TASK PROMPT –
The listing below should be written out word for word, with its pictures removed.

╭──

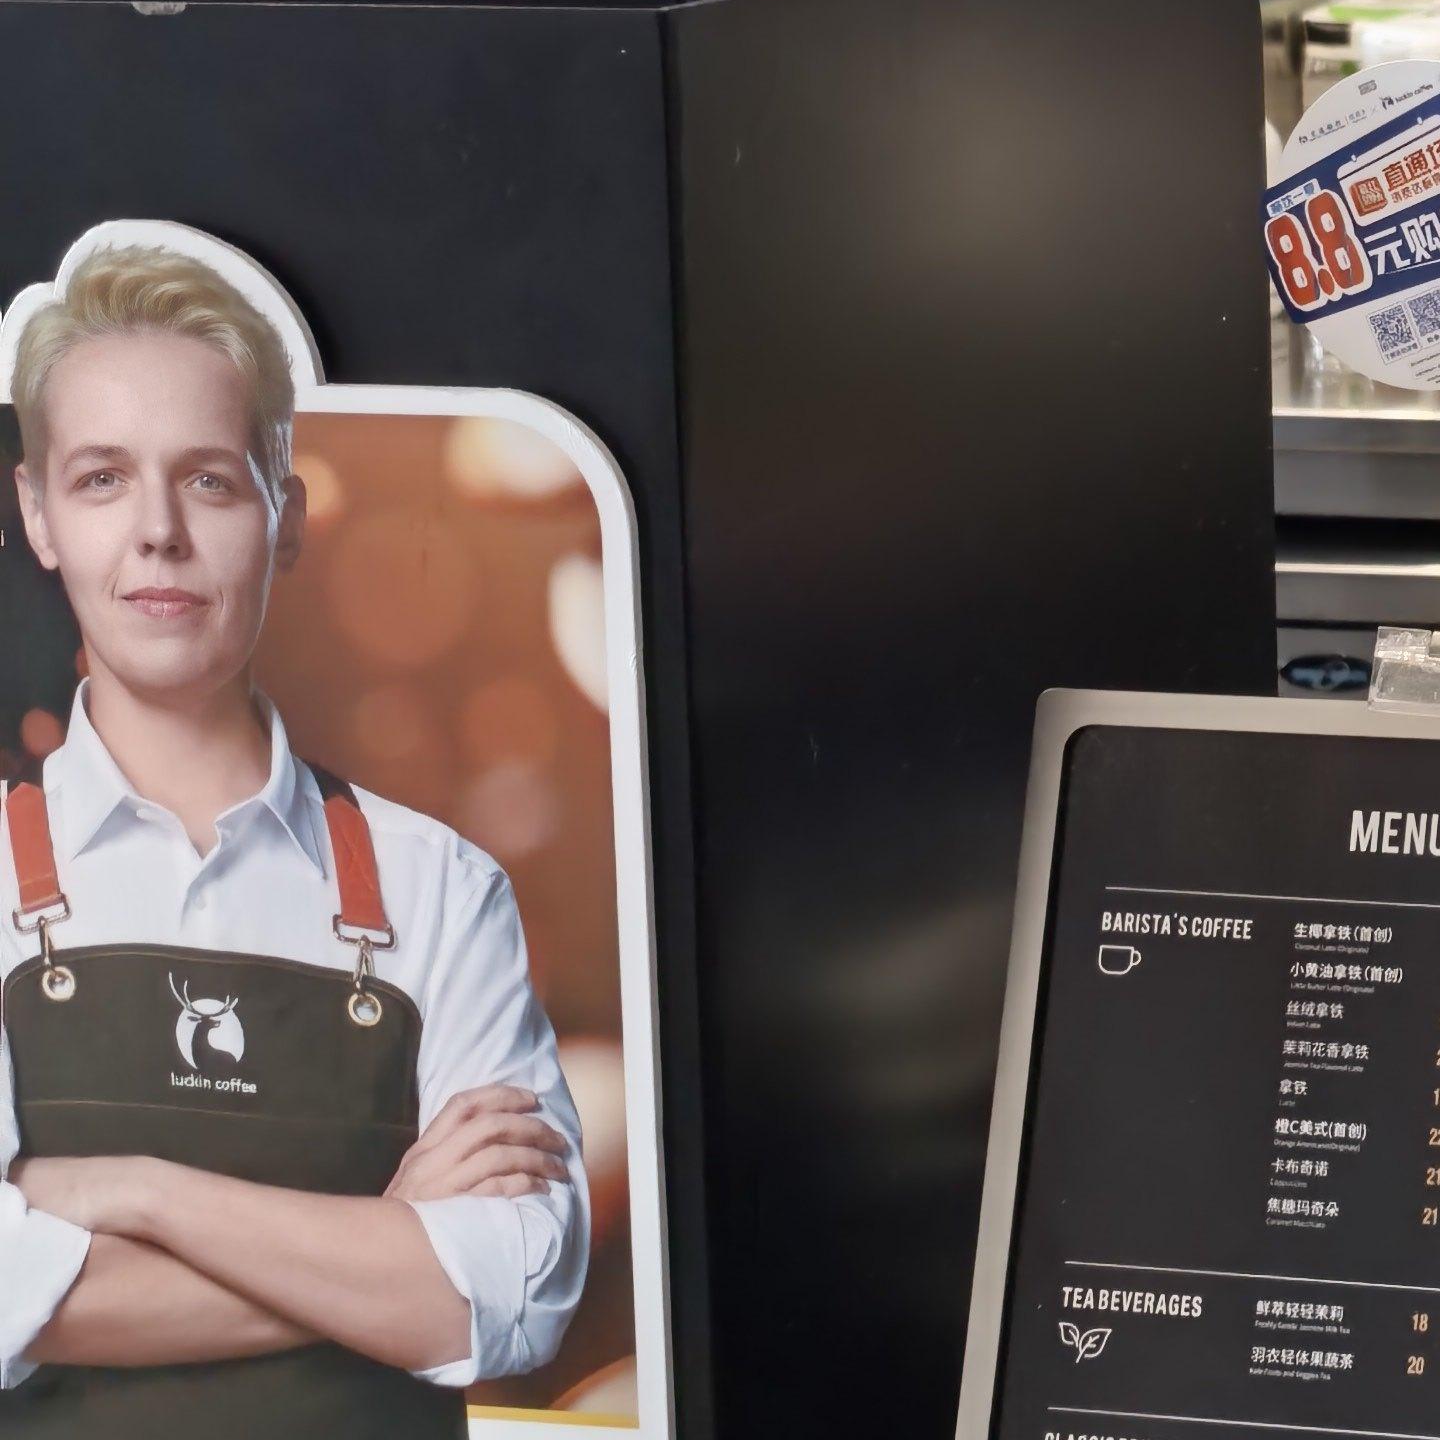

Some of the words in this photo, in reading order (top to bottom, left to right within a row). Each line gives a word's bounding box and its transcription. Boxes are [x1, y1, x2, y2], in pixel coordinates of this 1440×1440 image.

[1101, 910, 1189, 938] BARISTA'S
[1190, 916, 1254, 941] COFFEE
[1285, 1000, 1345, 1020] 丝绒拿铁
[170, 1071, 212, 1090] luckin
[214, 1077, 258, 1094] coffee
[1278, 1078, 1308, 1096] 拿铁
[1270, 1156, 1330, 1178] 卡布奇诺
[1421, 1206, 1439, 1227] 21
[1062, 1287, 1096, 1310] TEA
[1098, 1289, 1203, 1319] BEVERAGES
[1411, 1312, 1430, 1333] 18
[1406, 1355, 1426, 1376] 20

╰──

RESULT –
Some of the words in this photo, in reading order (top to bottom, left to right within a row). Each line gives a word's bounding box and its transcription. Boxes are [x1, y1, x2, y2], in pixel coordinates of this 1440×1440 image.

[1101, 910, 1189, 938] BARISTA'S
[1190, 916, 1254, 941] COFFEE
[1285, 1000, 1345, 1020] 丝绒拿铁
[170, 1071, 212, 1090] luckin
[214, 1077, 258, 1094] coffee
[1278, 1078, 1308, 1096] 拿铁
[1270, 1156, 1330, 1178] 卡布奇诺
[1421, 1206, 1439, 1227] 21
[1062, 1287, 1096, 1310] TEA
[1098, 1289, 1203, 1319] BEVERAGES
[1411, 1312, 1430, 1333] 18
[1406, 1355, 1426, 1376] 20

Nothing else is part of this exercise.